There was this math problem that went viral recently – it was a Singapore Math Olympiad problem meant for 14-year olds which surprisingly many adults couldn’t solve. A friend sent me a link to that problem and I solved it with pen and paper in about 10 minutes, leaving me feeling hardly challenged. I guess really-tough questions aren’t the ones that actually go viral. If anything, a math problem going viral means it caters to an average IQ, something like a 100 – which then left me wondering whatever my IQ was! I had taken many online IQ tests when I was pursuing my engineering degree and my scores ranged between **135** and **145**. But they weren’t tests one could really feel great about, mainly because everyone I knew who took them, scored **110+**. I never took a Mensa test in the past, so I’m not sure whether I’d have made the cut. Anyway, I decided to check Quora to see if the nerds had found anything remotely mimicking a Mensa type IQ test. So I checked out this one and got a **130**. It seems to be the least I’ve ever got on an IQ test, so without giving you any rationale to why I feel this might be closer to accurately measuring your IQ, I say it’s probably worth a shot.

A week back, there was yet another math puzzle that had gone viral, meant for Vietnamese eight-year-olds, a problem that had stumped parents and teachers. You need to fill in the empty boxes below with the digits from 1 to 9 so that the equation makes sense, following the order of operations – multiply first, then division, addition and subtraction last.
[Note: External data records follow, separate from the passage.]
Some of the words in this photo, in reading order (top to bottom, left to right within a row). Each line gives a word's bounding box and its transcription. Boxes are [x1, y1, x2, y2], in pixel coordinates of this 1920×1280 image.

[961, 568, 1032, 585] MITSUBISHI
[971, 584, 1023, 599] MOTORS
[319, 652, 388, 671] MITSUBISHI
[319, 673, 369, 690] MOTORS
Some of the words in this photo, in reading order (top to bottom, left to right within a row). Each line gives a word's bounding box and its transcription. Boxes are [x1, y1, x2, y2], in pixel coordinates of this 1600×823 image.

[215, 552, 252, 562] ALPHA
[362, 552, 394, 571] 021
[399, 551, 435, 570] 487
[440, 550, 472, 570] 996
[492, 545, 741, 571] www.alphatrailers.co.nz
Apparently, this problem was for third graders in the town of Bao Loc in the Vietnamese Highlands.

I didn’t solve this one with pen and paper, and instead wrote an R program. It’s clearly a problem with a fixed number of variables (nine) associated with standard math operators, meaning there would be 9! (362880) permutations – which makes you think there’s got to be more than one solution. It became obvious I had to write some code.

I wrote a function appropriately named **baoloc() **to list out the solutions to this problem. The code is self explanatory. I got 128 unique solutions, which means if the students had to solve this problem with pencil on paper, they could get one of 128 possible answers, which makes the job of the examiner arduous and boring!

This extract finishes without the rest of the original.